As the above story states, it is like the precious bowl that slips from your grip only to crash to the floor and break into pieces. First there is a sense of disbelief, “I can’t believe I just dropped this.” or “How did this happen? This was grandmother’s favorite bowl.”   Then as you stare at the fragments on the floor there is a realization that what shouldn’t have happened DID happen and there is no going back; there is too much damage and the bowl doesn’t seem to be repairable.

This is followed by the feelings that come when what you ideally want and what you have are two different things.  Sadness, anger, hurt, disappointment, guilt and fear set in. “What will grandmother think when she hears I have broken her favorite bowl that she gave to me?”

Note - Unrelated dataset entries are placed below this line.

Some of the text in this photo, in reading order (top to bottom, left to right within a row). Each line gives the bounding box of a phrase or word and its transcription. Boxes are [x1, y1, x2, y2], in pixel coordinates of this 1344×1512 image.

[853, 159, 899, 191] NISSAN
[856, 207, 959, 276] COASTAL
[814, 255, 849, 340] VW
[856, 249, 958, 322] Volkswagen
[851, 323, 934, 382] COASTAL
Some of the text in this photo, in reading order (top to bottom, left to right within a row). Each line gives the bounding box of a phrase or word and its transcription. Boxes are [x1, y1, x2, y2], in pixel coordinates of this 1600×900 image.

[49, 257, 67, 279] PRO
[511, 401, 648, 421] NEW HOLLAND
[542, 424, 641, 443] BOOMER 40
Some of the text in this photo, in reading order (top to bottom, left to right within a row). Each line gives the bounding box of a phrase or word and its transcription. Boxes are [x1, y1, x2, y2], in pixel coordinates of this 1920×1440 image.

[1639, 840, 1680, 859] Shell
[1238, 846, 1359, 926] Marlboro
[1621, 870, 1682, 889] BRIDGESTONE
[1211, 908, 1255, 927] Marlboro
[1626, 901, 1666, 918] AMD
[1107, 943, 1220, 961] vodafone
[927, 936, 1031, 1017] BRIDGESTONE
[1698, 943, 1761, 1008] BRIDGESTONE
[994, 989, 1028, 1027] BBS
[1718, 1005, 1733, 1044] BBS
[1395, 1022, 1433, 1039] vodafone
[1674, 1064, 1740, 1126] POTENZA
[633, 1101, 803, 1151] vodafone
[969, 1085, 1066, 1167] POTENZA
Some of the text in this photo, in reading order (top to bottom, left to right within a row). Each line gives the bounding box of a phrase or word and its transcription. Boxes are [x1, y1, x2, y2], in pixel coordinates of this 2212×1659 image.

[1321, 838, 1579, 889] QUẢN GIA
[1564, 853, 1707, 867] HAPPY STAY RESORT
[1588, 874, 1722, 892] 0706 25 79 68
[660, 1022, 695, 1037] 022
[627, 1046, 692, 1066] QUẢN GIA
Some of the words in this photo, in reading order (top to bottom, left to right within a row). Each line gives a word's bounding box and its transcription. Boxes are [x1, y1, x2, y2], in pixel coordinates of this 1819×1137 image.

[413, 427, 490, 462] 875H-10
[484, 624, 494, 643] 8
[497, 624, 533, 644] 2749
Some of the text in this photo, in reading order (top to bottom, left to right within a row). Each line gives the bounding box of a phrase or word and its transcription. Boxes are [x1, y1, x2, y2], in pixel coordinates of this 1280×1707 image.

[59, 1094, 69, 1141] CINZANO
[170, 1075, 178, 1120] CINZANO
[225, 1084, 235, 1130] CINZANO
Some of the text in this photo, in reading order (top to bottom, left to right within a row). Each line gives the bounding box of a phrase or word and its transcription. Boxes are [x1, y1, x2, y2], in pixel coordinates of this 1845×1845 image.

The next moment brings another attempt to go back in time and prevent the incident.  “If I hadn’t been in such a hurry then I wouldn’t have dropped the bowl.” “If you had just given me more warning that you were going to pass it, I would have been more watchful.” We try to fix a situation by affixing blame to either ourselves or to someone else.

And then we hit the fork in the road.  Choices loom over us awaiting a decision; a call to action.  Should I sweep it under the rug and not look at it for awhile. Do I just trash it all and run out and buy some reasonable facsimile to fill up my hands? Or, should I do what I can to piece it together only to be left with an ugly version of something beautiful that once was?

At some point a person begins to realize that they can’t change what has happened.  But if they continue to focus on the brokenness and the loss, they may miss the opportunity to see that breakage and repair is just part of being human. And part of being human is getting a chance to start over. Helen Keller said, “When one door of happiness closes, another opens; but often we look so long at the closed door that we do not see the one which has opened for us.”  When you begin to fill in the fractures of your life with new experiences, new goals, new friends and new meaning you might just begin to see that brokenness can be turned into something even better if you let go of what was and embrace what can be.

“All that is gold does not glitter, not all those who wander are lost; the old that is strong does not wither, deep roots are not reached by the frost. From the ashes a fire shall be woken, a light from the shadows shall spring; renewed shall be the blade that was broken, the crown-less again shall be king.” – J.R.R. Tolkien’s The Fellowship of the Ring.